Important Note:

load_best_model_at_end is not working properly (I specified metric_for_best_model on another training but it still does not work), but the training results still show a valid trend.

DSPFirst-Finetuning-4

This model is a fine-tuned version of ahotrod/electra_large_discriminator_squad2_512 on a generated Questions and Answers dataset from the DSPFirst textbook based on the SQuAD 2.0 format.
It achieves the following results on the evaluation set:

  • Loss: 0.9028
  • Exact: 66.9843
  • F1: 74.2286

More accurate metrics:

Before fine-tuning:

  "exact": 57.006726457399104,
  "f1": 61.997705120754276

After fine-tuning:

  "exact": 66.98430493273543,
  "f1": 74.2285867775556

Dataset

A visualization of the dataset can be found here.
The split between train and test is 70% and 30% respectively.

DatasetDict({
    train: Dataset({
        features: ['id', 'title', 'context', 'question', 'answers'],
        num_rows: 4160
    })
    test: Dataset({
        features: ['id', 'title', 'context', 'question', 'answers'],
        num_rows: 1784
    })
})

Intended uses & limitations

This model is fine-tuned to answer questions from the DSPFirst textbook.
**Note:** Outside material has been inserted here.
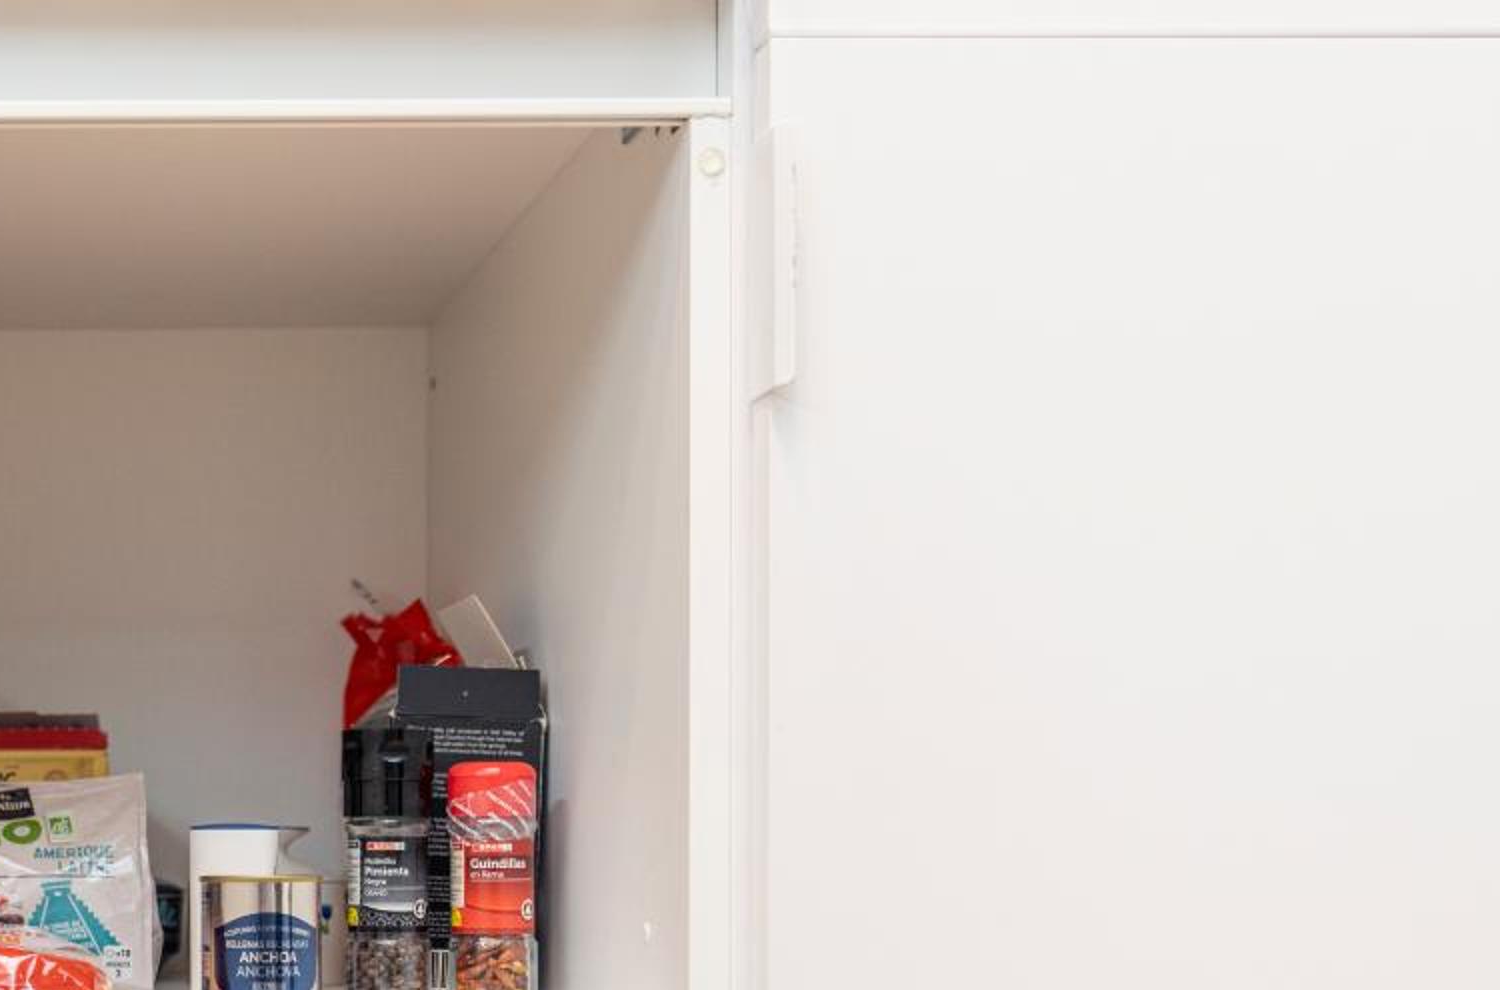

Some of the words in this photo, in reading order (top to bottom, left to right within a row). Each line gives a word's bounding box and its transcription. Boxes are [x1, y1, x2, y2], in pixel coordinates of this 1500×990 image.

[469, 857, 527, 869] Guindillas
[240, 951, 298, 963] ANCHOA
[236, 965, 301, 977] ANCHOVA
I'm not really sure what I am doing so you should review before using it.
Also, you should improve the Dataset either by using a better generated questions and answers model (currently using https://github.com/patil-suraj/question_generation) or perform data augmentation to increase dataset size.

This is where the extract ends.